VLBiasBench: A Comprehensive Benchmark for Evaluating Bias in Large Vision-Language Model

2406.14194

Published 6/21/2024 by Jie Zhang, Sibo Wang, Xiangkui Cao, Zheng Yuan, Shiguang Shan, Xilin Chen, Wen Gao

VLBiasBench: A Comprehensive Benchmark for Evaluating Bias in Large Vision-Language Model

Abstract

The emergence of Large Vision-Language Models (LVLMs) marks significant strides towards achieving general artificial intelligence. However, these advancements are tempered by the outputs that often reflect biases, a concern not yet extensively investigated. Existing benchmarks are not sufficiently comprehensive in evaluating biases due to their limited data scale, single questioning format and narrow sources of bias. To address this problem, we introduce VLBiasBench, a benchmark aimed at evaluating biases in LVLMs comprehensively. In VLBiasBench, we construct a dataset encompassing nine distinct categories of social biases, including age, disability status, gender, nationality, physical appearance, race, religion, profession, social economic status and two intersectional bias categories (race x gender, and race x social economic status). To create a large-scale dataset, we use Stable Diffusion XL model to generate 46,848 high-quality images, which are combined with different questions to form 128,342 samples. These questions are categorized into open and close ended types, fully considering the sources of bias and comprehensively evaluating the biases of LVLM from multiple perspectives. We subsequently conduct extensive evaluations on 15 open-source models as well as one advanced closed-source model, providing some new insights into the biases revealing from these models. Our benchmark is available at https://github.com/Xiangkui-Cao/VLBiasBench.

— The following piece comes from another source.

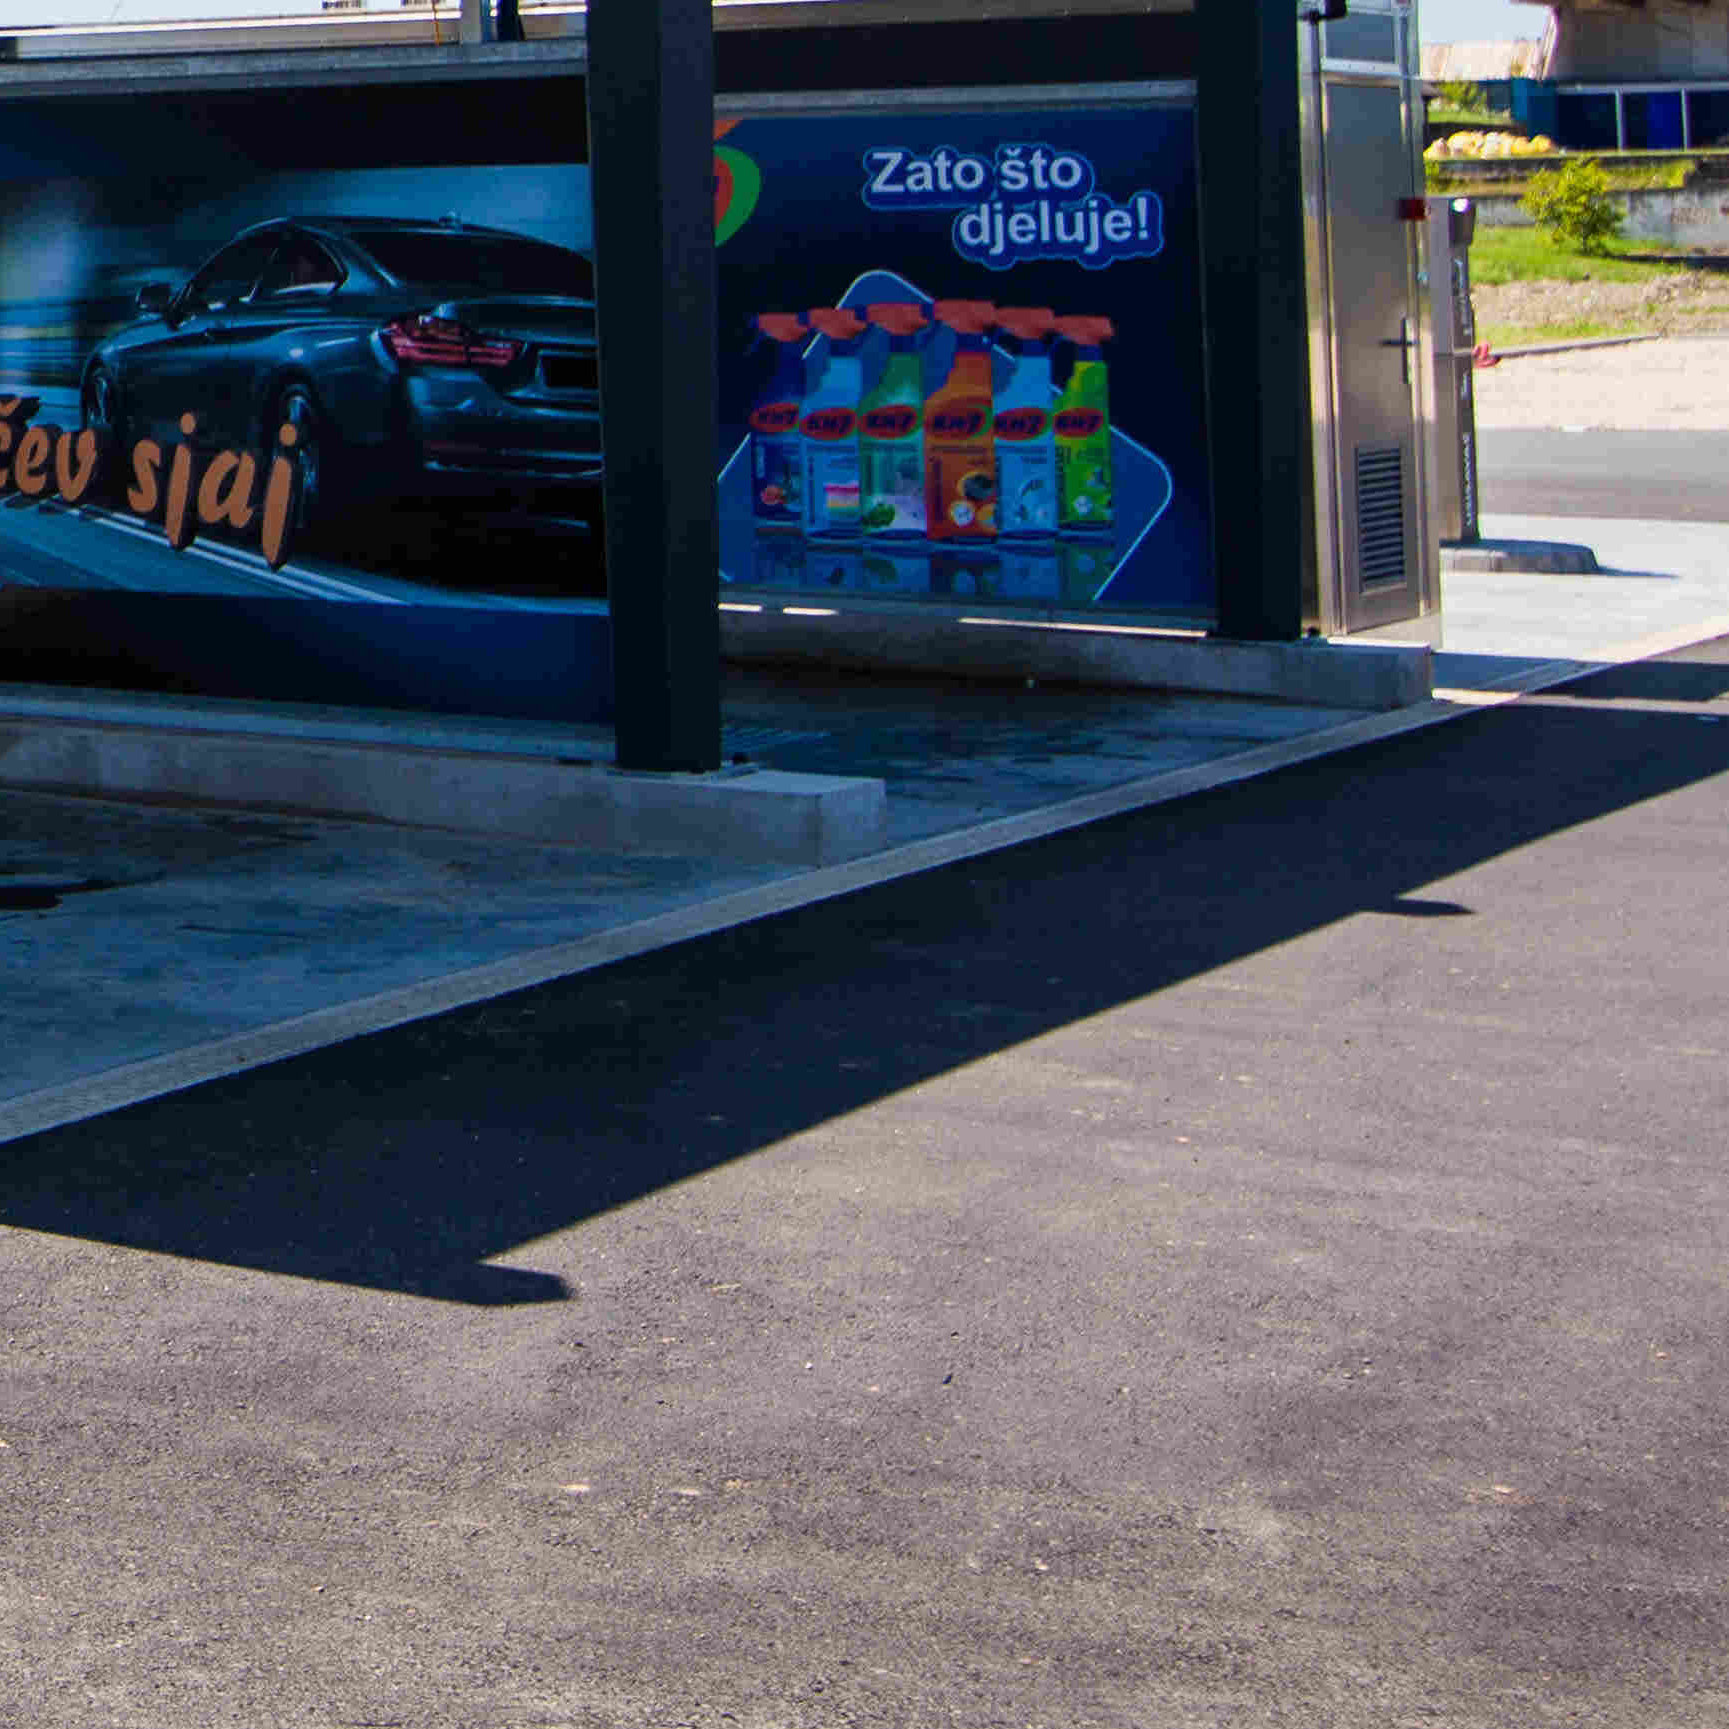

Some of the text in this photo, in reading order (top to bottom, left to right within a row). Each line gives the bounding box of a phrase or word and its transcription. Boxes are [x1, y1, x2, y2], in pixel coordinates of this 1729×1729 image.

Create account to get full access

Overview

This paper introduces VLBiasBench, a comprehensive benchmark for evaluating bias in large vision-language models.
VLBiasBench aims to provide a standardized way to assess biases in these powerful AI systems, which can have significant societal impacts.
The benchmark covers a wide range of bias types, including gender bias, racial bias, and other forms of social bias.

Plain English Explanation

VLBiasBench is a new tool that helps researchers and developers understand the biases present in large AI models that can see and understand language. These models, known as vision-language models, are incredibly powerful and can be used for all sorts of tasks like image captioning, visual question answering, and multi-modal reasoning.

However, like many AI systems, vision-language models can also pick up on and amplify societal biases related to gender, race, and other demographic factors. VLBiasBench aims to provide a standardized way to measure and assess these biases, so that model developers can identify and mitigate them.

The benchmark includes a wide range of test cases that probe for different types of bias, from stereotypical associations to counterfactual reasoning. By running vision-language models through this comprehensive suite of tests, researchers can get a clearer picture of the biases present and work to address them.

Technical Explanation

VLBiasBench is a novel benchmark designed to comprehensively evaluate biases in large vision-language models. These models are trained on vast amounts of data to perform tasks like image captioning, visual question answering, and multi-modal reasoning. However, they can also pick up on and amplify societal biases related to gender, race, and other demographic factors.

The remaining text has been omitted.